Abstract Semi‐transparent perovskite solar cells (ST‐PSCs) offer a promising pathway for use in building integrated photovoltaic (BIPV) systems instead of conventional panels’ roofs. Furthermore, their potential for bifacial operation, allowing light absorption from both sides, creates new opportunities for their integration as solar cells windows, and greatly improves energy harvesting capacities. This combination of bifaciality and flexibility enhances their efficiency and adaptability, making them well‐suited for integration into various architectural elements. Herein, in this study, the performance of 40 different configurations of bifacial flexible semi‐transparent inverted perovskite solar cells (BF‐STIPSCs) is explored.
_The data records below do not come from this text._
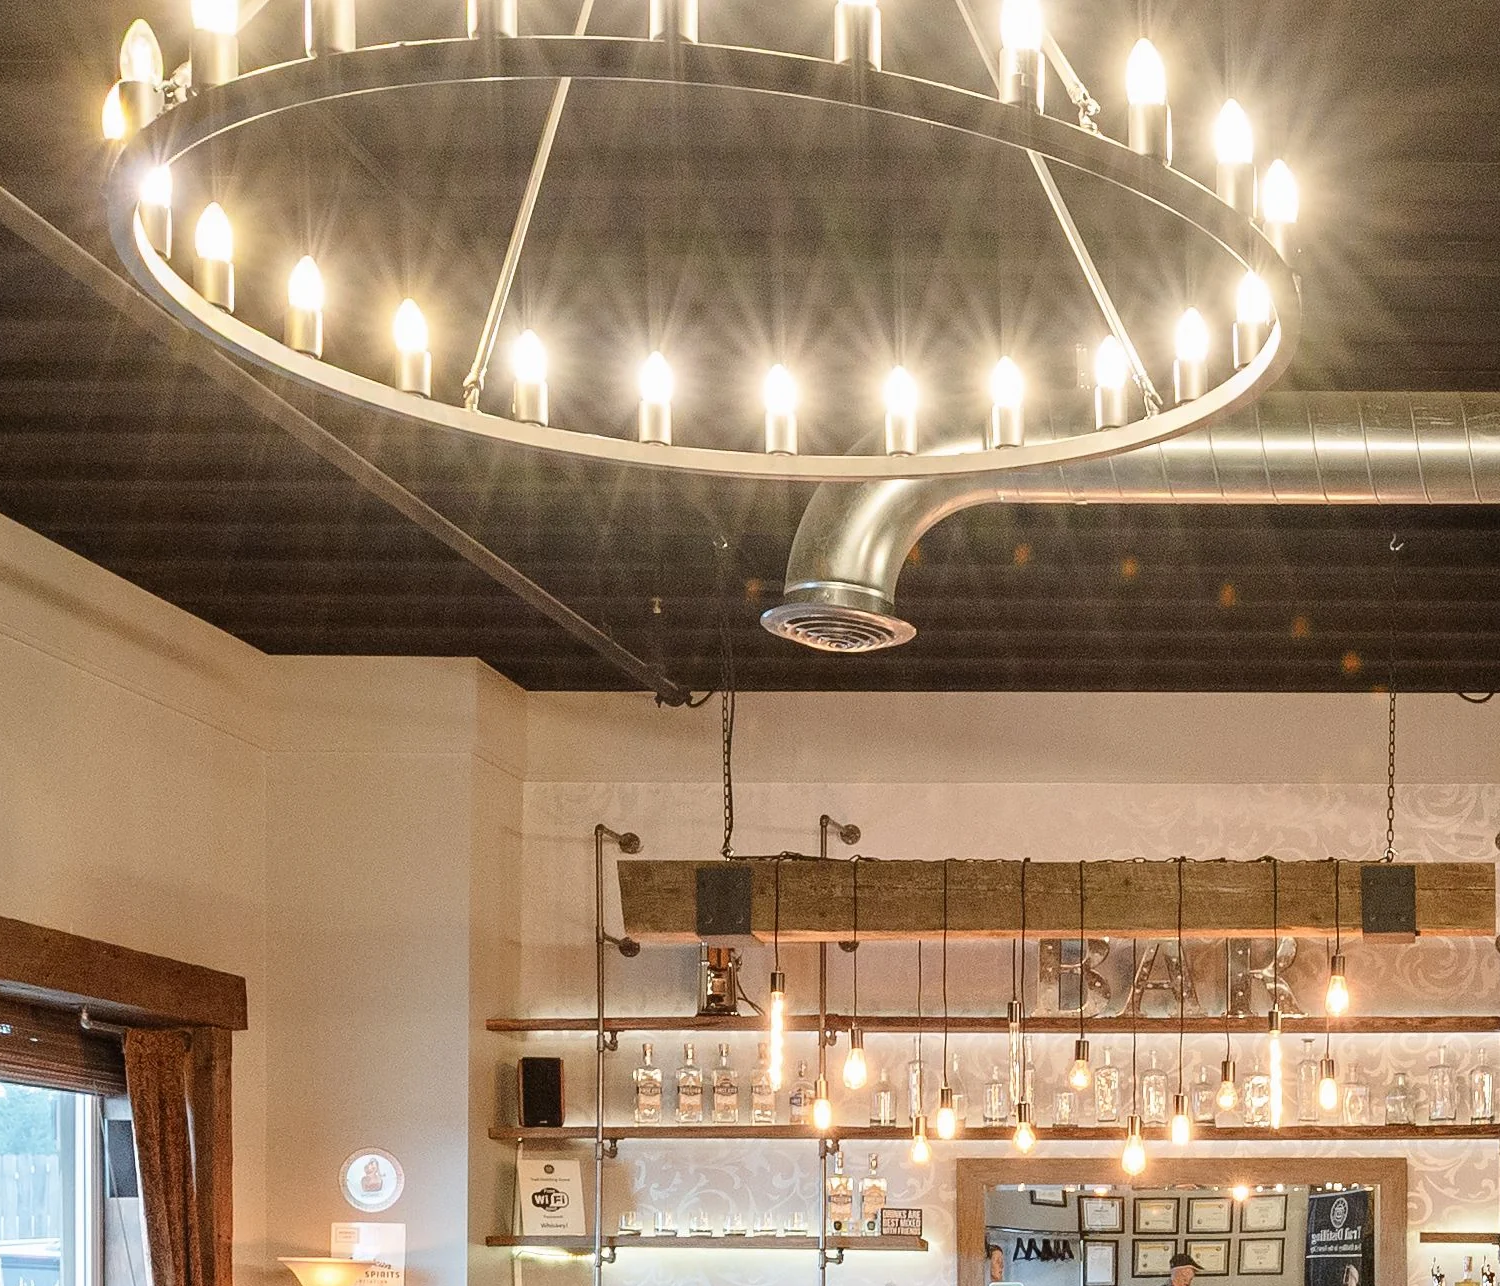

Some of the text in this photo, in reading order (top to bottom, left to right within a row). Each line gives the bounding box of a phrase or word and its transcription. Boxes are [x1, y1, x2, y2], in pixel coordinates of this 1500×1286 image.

[1031, 938, 1308, 1018] BAR
[908, 1210, 921, 1218] ARE
[883, 1219, 920, 1227] BEST MIXED
[365, 1271, 401, 1279] SPIRITS
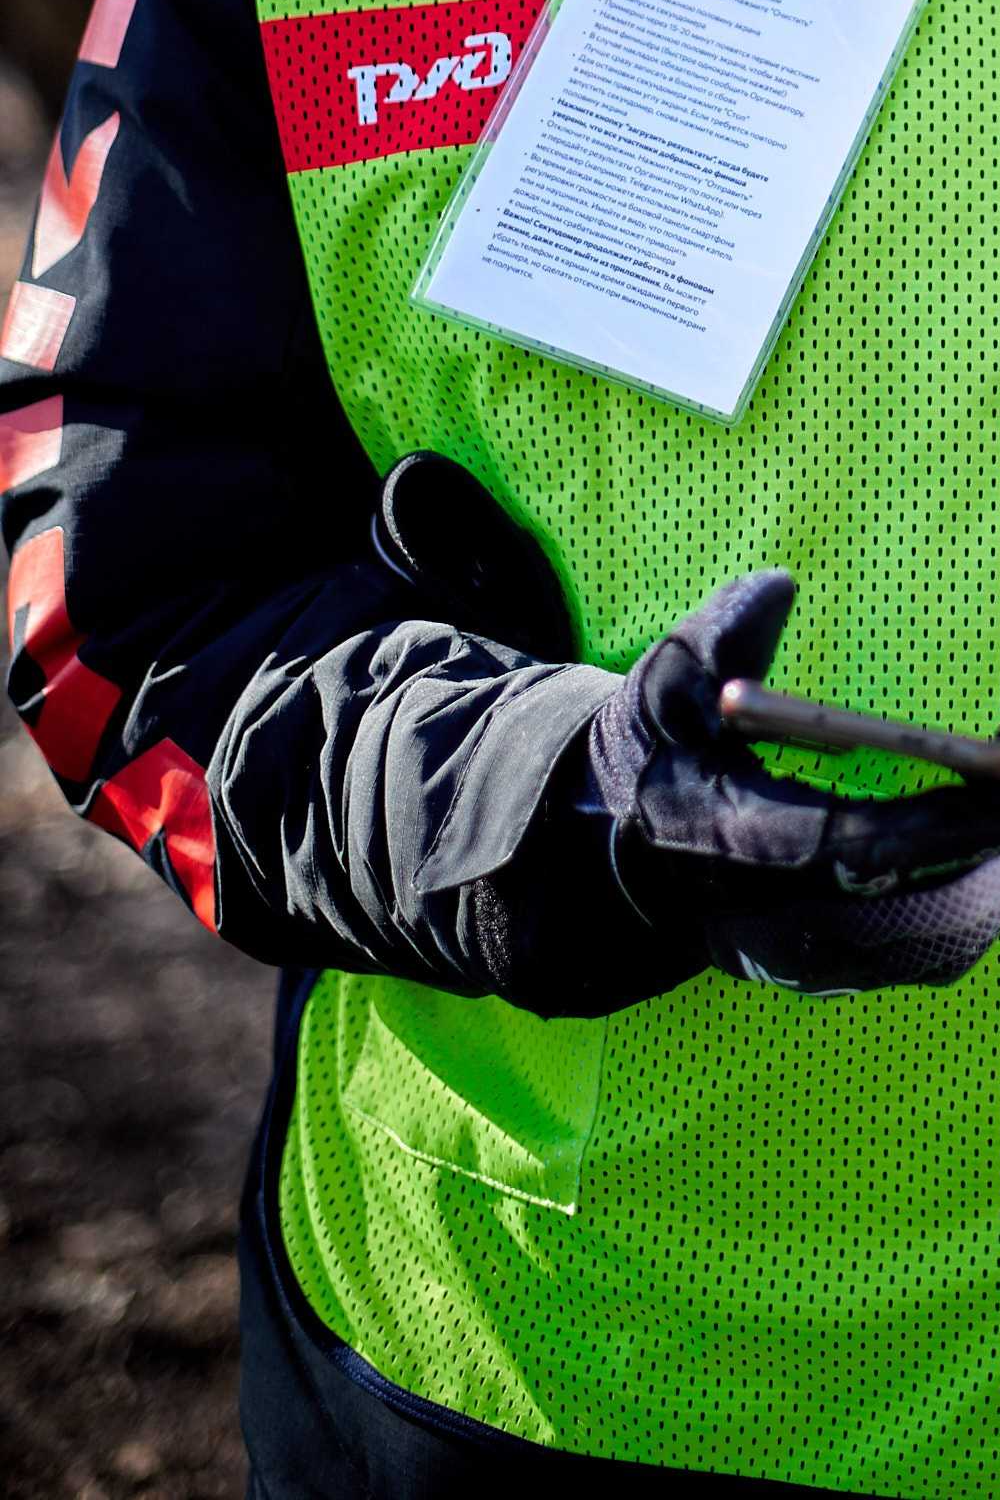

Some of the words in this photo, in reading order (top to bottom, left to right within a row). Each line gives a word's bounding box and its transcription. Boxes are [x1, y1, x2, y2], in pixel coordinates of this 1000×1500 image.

[556, 97, 595, 117] Нажмите
[593, 112, 624, 130] кнопку
[716, 158, 741, 173] когда
[740, 166, 769, 183] будете
[588, 123, 604, 134] что
[602, 128, 618, 139] все
[616, 134, 659, 155] участники
[657, 150, 702, 171] добрались
[700, 166, 714, 175] до
[712, 169, 747, 188] финиша
[501, 207, 534, 225] Важно!
[532, 219, 583, 245] Секундомер
[581, 239, 634, 263] продолжает
[631, 258, 670, 278] работать
[675, 274, 715, 295] фоновом
Using SCAPS‐1D (version 3.3.11), a 3D‐perovskite (PVK) absorber layer is modeled and combined with polymer‐based electron transport layers (ETLs) such as C 60 and BCP, along with innovative hole transport layers (HTLs) including D‐PBTTT‐14, Me‐4PACz, NiOx, PANI, Poly‐TPD, PATAA, SrCuO 2 , V 2 O 5 . Various transparent conductive oxides (TCOs) including IWO, ITO, and FTO, and flexible substrates such as silver nanowires (AgNWs) with two‐dimensional transition carbide (MXene: T 2 CF 2 ) are also examined for their effects on the cells' bifaciality, transparency, and stability. Among the configurations, PET/Ag NWs:MXenes /SrCuO 2 /(FAPbI 3 ) 0.95 (MAPbBr 3 ) 0.05 /C 60 /BCP/FTO is identified as a high‐performance structure, achieving a power conversion efficiency (PCE) of ≈26%, along with enhanced resilience to temperature variations. These results hold great promise for the integration of perovskite‐based semitransparent bifacial flexible solar cells into real‐world applications.